WHAT TO WORK ON: Pictures are not part of the copy; repeat everything else in the records exactly.

### EXCERPTED RECORDS ###

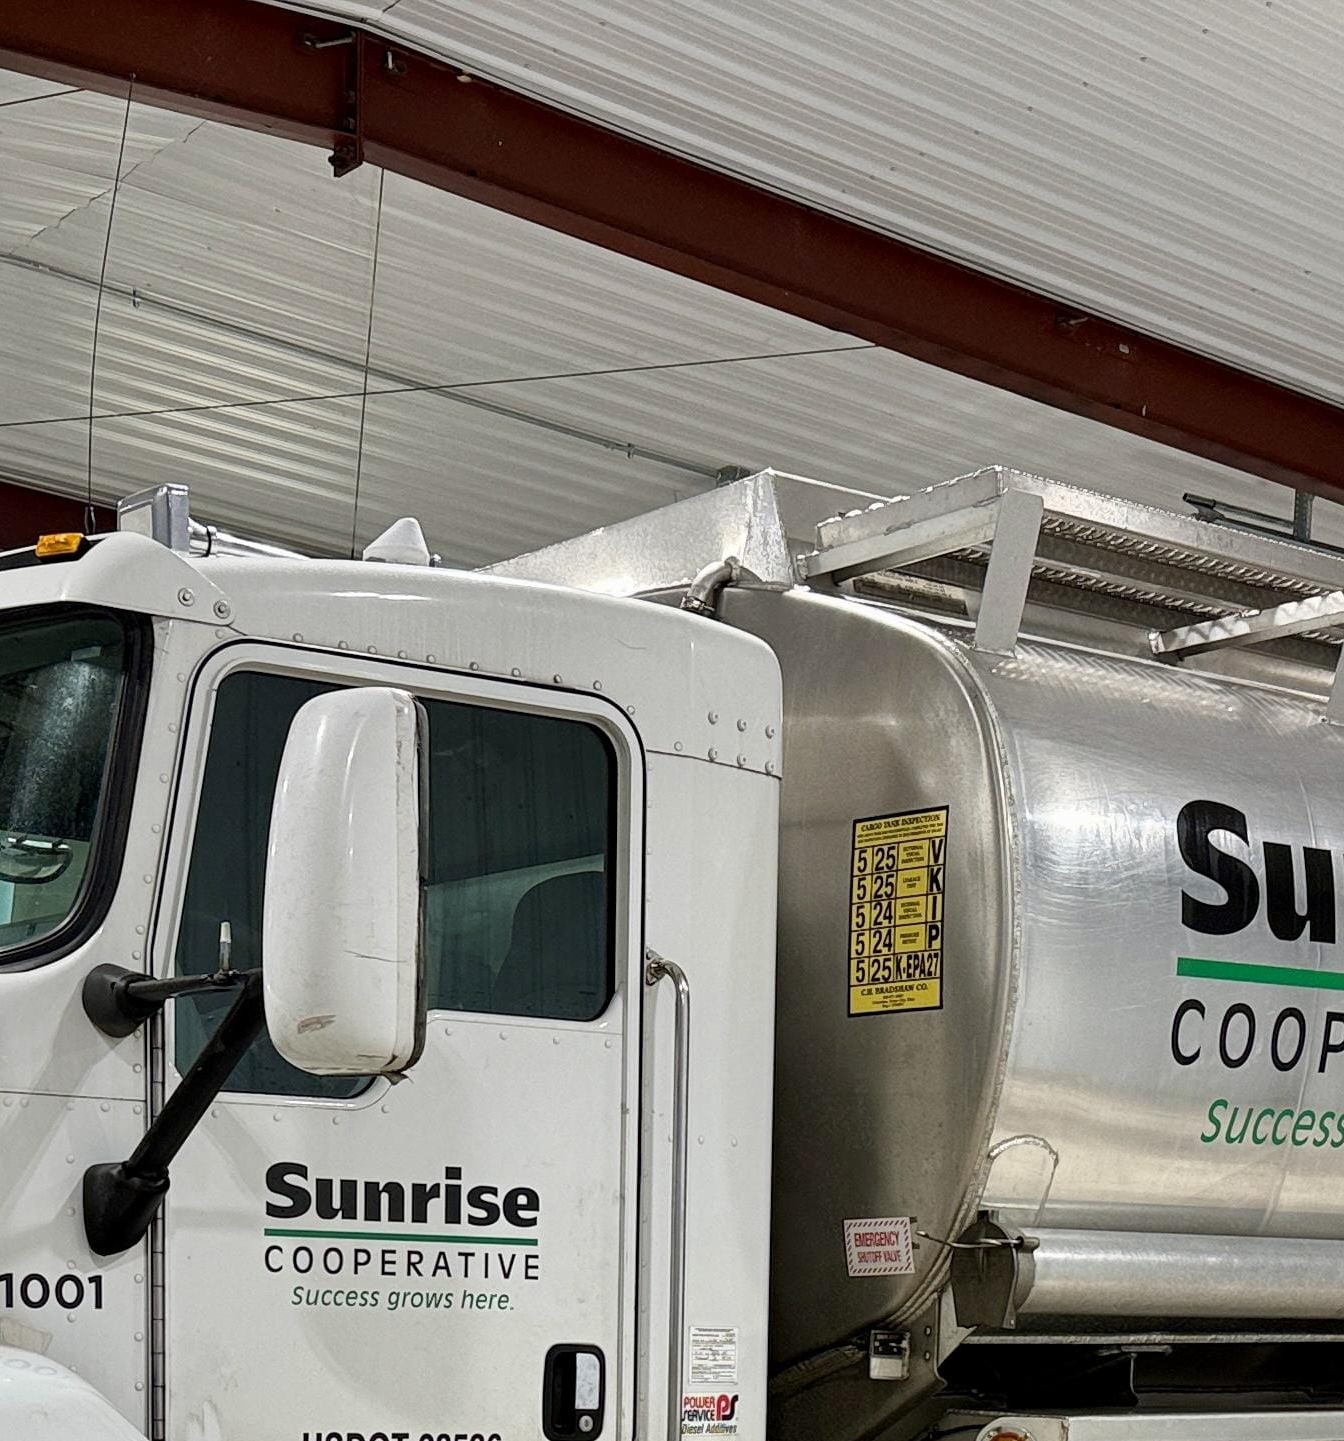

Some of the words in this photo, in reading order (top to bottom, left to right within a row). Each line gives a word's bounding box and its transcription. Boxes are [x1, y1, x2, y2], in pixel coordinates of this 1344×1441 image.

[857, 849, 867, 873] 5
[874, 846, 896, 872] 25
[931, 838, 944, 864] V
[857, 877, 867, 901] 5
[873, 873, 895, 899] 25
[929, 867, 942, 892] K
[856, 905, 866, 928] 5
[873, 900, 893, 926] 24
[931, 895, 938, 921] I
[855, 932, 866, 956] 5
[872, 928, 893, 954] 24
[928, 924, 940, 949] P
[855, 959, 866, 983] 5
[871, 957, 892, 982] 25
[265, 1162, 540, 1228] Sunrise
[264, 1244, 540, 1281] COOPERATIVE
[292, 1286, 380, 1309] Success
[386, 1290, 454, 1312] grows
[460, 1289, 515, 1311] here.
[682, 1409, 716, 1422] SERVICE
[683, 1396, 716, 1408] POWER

###

ANSWER TO THIS TASK:
Some of the words in this photo, in reading order (top to bottom, left to right within a row). Each line gives a word's bounding box and its transcription. Boxes are [x1, y1, x2, y2], in pixel coordinates of this 1344×1441 image.

[857, 849, 867, 873] 5
[874, 846, 896, 872] 25
[931, 838, 944, 864] V
[857, 877, 867, 901] 5
[873, 873, 895, 899] 25
[929, 867, 942, 892] K
[856, 905, 866, 928] 5
[873, 900, 893, 926] 24
[931, 895, 938, 921] I
[855, 932, 866, 956] 5
[872, 928, 893, 954] 24
[928, 924, 940, 949] P
[855, 959, 866, 983] 5
[871, 957, 892, 982] 25
[265, 1162, 540, 1228] Sunrise
[264, 1244, 540, 1281] COOPERATIVE
[292, 1286, 380, 1309] Success
[386, 1290, 454, 1312] grows
[460, 1289, 515, 1311] here.
[682, 1409, 716, 1422] SERVICE
[683, 1396, 716, 1408] POWER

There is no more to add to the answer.